**WHAT YOU WILL DO:**
Starting with the line that contains "this 1800×1800 image.", write out each line through the end of the listing, unchanged. Output nothing else.

**SUPPLIED ENTRIES:**
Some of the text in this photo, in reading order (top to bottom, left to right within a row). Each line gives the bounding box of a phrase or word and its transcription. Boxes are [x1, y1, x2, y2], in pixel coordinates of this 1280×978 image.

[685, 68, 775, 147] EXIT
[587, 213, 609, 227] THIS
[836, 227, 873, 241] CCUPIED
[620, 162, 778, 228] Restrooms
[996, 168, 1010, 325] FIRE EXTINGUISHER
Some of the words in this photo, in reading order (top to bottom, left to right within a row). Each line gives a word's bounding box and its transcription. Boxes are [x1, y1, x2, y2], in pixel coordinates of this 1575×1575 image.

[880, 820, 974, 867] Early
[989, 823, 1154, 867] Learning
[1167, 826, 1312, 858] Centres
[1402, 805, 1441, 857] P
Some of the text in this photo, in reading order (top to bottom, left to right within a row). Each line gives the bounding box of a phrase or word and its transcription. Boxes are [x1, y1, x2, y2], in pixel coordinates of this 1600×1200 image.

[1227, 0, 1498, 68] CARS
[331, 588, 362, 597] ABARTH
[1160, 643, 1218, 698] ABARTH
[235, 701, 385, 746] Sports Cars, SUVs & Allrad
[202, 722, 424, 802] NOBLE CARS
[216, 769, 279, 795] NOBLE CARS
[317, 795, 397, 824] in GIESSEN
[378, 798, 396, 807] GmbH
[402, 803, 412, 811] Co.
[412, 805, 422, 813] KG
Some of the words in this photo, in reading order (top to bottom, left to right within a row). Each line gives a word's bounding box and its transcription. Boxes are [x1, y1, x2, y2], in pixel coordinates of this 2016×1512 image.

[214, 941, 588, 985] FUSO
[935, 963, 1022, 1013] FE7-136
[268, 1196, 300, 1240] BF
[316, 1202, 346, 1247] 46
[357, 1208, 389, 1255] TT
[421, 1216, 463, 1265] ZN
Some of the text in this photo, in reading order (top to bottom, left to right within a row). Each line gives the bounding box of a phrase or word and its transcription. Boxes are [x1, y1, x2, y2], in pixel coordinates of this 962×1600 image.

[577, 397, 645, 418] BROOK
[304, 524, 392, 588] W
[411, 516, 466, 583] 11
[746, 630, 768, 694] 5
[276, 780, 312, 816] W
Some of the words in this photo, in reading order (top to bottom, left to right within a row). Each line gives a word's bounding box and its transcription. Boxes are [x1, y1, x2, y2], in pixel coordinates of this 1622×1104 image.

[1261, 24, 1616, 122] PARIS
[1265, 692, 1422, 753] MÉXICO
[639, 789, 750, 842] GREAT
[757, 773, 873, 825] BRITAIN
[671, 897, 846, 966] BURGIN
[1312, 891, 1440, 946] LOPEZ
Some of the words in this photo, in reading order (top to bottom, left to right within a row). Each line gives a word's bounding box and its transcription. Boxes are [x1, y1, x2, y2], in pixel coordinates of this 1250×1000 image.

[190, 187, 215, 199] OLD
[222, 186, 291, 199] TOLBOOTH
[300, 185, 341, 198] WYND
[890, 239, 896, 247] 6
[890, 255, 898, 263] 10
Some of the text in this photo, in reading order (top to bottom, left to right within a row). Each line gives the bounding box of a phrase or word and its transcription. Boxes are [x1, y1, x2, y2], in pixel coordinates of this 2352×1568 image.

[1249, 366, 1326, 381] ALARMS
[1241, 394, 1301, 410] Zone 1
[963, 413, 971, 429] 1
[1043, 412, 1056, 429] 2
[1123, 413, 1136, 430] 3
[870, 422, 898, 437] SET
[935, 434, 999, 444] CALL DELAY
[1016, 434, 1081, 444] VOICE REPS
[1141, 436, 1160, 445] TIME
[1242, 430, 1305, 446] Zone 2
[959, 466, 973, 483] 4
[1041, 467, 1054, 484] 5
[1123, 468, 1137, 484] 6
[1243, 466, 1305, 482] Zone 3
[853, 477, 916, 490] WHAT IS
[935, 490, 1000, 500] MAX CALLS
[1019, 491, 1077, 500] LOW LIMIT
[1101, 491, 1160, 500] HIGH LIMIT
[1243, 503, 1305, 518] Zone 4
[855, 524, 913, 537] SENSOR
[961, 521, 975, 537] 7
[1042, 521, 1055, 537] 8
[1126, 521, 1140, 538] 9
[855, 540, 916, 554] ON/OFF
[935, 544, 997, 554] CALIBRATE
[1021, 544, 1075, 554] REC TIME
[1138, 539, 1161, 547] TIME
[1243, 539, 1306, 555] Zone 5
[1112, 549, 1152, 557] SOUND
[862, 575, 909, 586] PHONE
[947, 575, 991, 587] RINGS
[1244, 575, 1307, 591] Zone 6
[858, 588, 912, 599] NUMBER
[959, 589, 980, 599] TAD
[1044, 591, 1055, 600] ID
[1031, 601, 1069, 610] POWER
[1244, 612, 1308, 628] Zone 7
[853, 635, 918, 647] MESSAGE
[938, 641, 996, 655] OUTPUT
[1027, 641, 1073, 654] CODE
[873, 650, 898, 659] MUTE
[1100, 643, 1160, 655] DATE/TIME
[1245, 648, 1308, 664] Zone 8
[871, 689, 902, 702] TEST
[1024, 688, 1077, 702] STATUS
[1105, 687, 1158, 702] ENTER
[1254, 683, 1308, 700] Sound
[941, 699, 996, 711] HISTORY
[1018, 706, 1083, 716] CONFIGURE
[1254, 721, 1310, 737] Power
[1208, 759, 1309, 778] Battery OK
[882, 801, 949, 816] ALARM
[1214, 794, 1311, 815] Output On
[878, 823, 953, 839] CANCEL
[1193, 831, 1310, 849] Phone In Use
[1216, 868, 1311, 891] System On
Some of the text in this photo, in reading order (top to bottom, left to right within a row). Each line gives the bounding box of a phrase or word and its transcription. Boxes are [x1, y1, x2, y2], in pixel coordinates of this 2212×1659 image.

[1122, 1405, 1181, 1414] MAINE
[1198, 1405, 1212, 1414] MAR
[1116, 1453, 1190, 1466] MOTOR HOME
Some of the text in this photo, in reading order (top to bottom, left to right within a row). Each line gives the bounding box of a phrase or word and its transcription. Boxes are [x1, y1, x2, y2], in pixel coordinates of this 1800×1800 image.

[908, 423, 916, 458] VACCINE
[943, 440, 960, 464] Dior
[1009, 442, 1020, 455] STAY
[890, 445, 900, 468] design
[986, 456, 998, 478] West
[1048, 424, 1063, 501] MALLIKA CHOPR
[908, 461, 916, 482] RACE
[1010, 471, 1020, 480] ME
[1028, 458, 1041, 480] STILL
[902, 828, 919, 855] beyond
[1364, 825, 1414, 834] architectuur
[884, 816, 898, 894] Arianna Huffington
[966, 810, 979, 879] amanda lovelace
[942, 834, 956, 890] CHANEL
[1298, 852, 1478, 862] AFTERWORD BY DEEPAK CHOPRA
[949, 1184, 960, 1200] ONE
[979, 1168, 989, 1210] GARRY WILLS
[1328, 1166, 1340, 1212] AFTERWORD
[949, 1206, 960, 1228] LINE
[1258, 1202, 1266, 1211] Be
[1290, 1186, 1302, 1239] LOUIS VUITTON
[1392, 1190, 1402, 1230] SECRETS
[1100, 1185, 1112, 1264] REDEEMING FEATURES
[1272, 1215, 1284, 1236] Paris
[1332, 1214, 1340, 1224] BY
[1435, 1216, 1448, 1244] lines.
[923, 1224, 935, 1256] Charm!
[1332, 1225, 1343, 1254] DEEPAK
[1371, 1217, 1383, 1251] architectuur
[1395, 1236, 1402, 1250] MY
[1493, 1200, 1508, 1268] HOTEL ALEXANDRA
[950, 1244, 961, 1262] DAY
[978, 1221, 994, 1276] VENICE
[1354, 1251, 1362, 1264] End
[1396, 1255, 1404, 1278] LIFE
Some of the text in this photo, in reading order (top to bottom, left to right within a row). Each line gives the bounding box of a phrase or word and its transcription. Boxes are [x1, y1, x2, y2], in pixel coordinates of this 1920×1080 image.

**COMPLETED EXERCISE:**
Some of the text in this photo, in reading order (top to bottom, left to right within a row). Each line gives the bounding box of a phrase or word and its transcription. Boxes are [x1, y1, x2, y2], in pixel coordinates of this 1800×1800 image.

[908, 423, 916, 458] VACCINE
[943, 440, 960, 464] Dior
[1009, 442, 1020, 455] STAY
[890, 445, 900, 468] design
[986, 456, 998, 478] West
[1048, 424, 1063, 501] MALLIKA CHOPR
[908, 461, 916, 482] RACE
[1010, 471, 1020, 480] ME
[1028, 458, 1041, 480] STILL
[902, 828, 919, 855] beyond
[1364, 825, 1414, 834] architectuur
[884, 816, 898, 894] Arianna Huffington
[966, 810, 979, 879] amanda lovelace
[942, 834, 956, 890] CHANEL
[1298, 852, 1478, 862] AFTERWORD BY DEEPAK CHOPRA
[949, 1184, 960, 1200] ONE
[979, 1168, 989, 1210] GARRY WILLS
[1328, 1166, 1340, 1212] AFTERWORD
[949, 1206, 960, 1228] LINE
[1258, 1202, 1266, 1211] Be
[1290, 1186, 1302, 1239] LOUIS VUITTON
[1392, 1190, 1402, 1230] SECRETS
[1100, 1185, 1112, 1264] REDEEMING FEATURES
[1272, 1215, 1284, 1236] Paris
[1332, 1214, 1340, 1224] BY
[1435, 1216, 1448, 1244] lines.
[923, 1224, 935, 1256] Charm!
[1332, 1225, 1343, 1254] DEEPAK
[1371, 1217, 1383, 1251] architectuur
[1395, 1236, 1402, 1250] MY
[1493, 1200, 1508, 1268] HOTEL ALEXANDRA
[950, 1244, 961, 1262] DAY
[978, 1221, 994, 1276] VENICE
[1354, 1251, 1362, 1264] End
[1396, 1255, 1404, 1278] LIFE
Some of the text in this photo, in reading order (top to bottom, left to right within a row). Each line gives the bounding box of a phrase or word and its transcription. Boxes are [x1, y1, x2, y2], in pixel coordinates of this 1920×1080 image.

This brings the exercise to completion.